Whether you install new features on your website to improve navigation or start a new social media marketing campaign, you can learn a lot from A/B testing. A/B testing compares results from different variations, like your previous website and your revamped website, to give you a good idea of whether the changes affect your audience positively or negatively.

For example, if, after updating the navigation, you notice a high number of people leaving your website at a specific point in the checkout process, this could indicate that there’s a technical issue preventing website visitors from continuing. This type of issue could lead to a negative brand sentiment.

Use conversation intelligence software to measure omnichannel customer interactions

Direct feedback is golden when measuring brand sentiment, but you can also pick up a lot of nuance in customer opinions when monitoring candid conversations.

Conversation intelligence software monitors and analyzes conversations on the phone or via live chat, email, or social media. These channels often provide a safe space for customers to discuss how they truly feel about a brand. By spreading your monitoring strategy across multiple channels, you can get a more accurate bird’s-eye view of your brand sentiment.

Using sentiment analysis to build brand sentiment

Consider enhancing your brand sentiment monitoring with a conversation intelligence tool that uses sentiment analysis to track customer sentiment across multiple channels.

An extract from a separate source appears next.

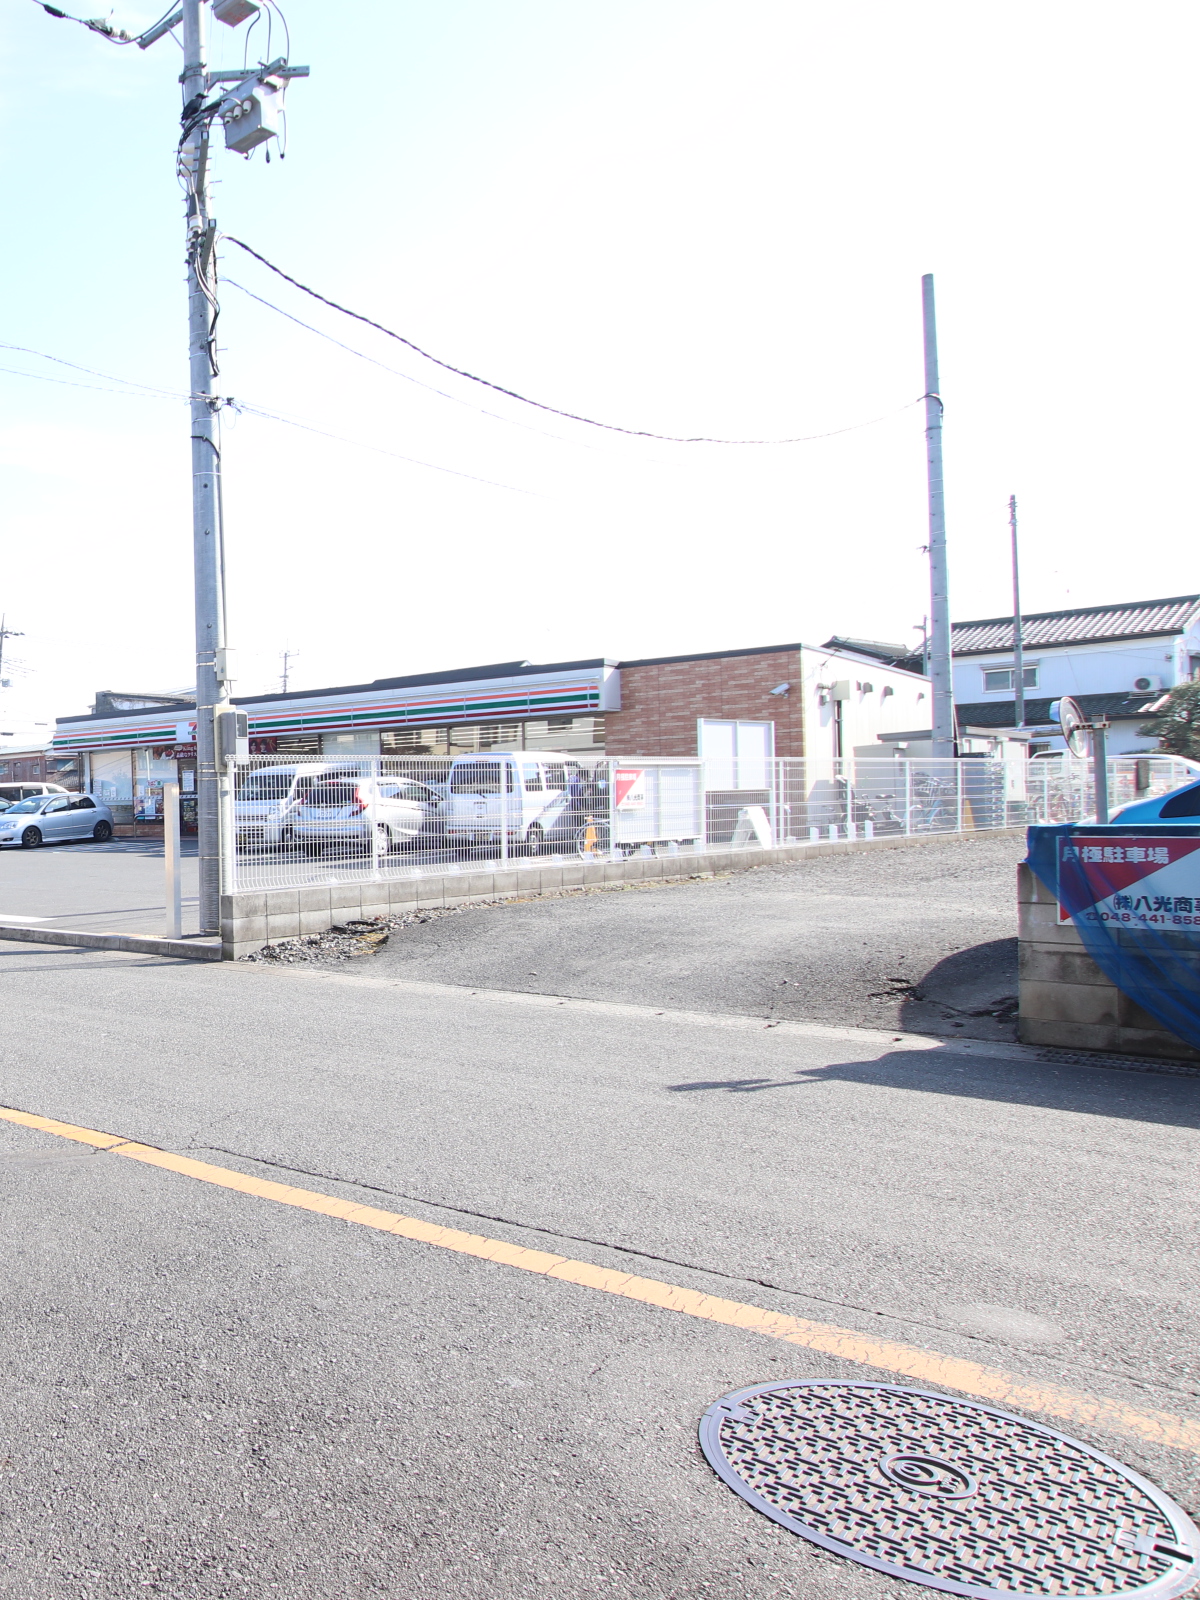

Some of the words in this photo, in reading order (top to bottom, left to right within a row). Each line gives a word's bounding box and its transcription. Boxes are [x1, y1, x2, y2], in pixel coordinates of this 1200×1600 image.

[1062, 846, 1170, 865] 月極駐車場

CallMiner is a leading conversation intelligence platform with built-in sentiment analysis capabilities that allow you to proactively track sentiment in real time, providing insight into how people feel about your brand. The CallMiner platform consistently monitors conversations, transcribes and categorizes them, and notifies contact center agents when opportunities for improvement arise.

Learn more about CallMiner with a 30-minute demo.

Frequently asked questions

How do you determine brand sentiment?

Brand sentiment comes from multiple sources, like customer reviews, phone calls with customer service, or live chats. Companies can consider using conversation intelligence software that monitors and analyzes customer conversations, giving brands thorough brand sentiment data.

How do you build brand sentiment?

Building positive brand sentiment requires businesses to review and take action on the problem areas highlighted in customer conversations. Businesses can also continue to improve on features, services, or products customers love to ensure that they keep meeting customer needs.

How is brand sentiment and brand health related?

Brand health incorporates brand sentiment, reputation, popularity, and more. When brand sentiment falters, it indicates that the public has a more negative perception of the brand than a positive one. When that happens, a brand’s reputation and popularity can also decline, affecting brand health.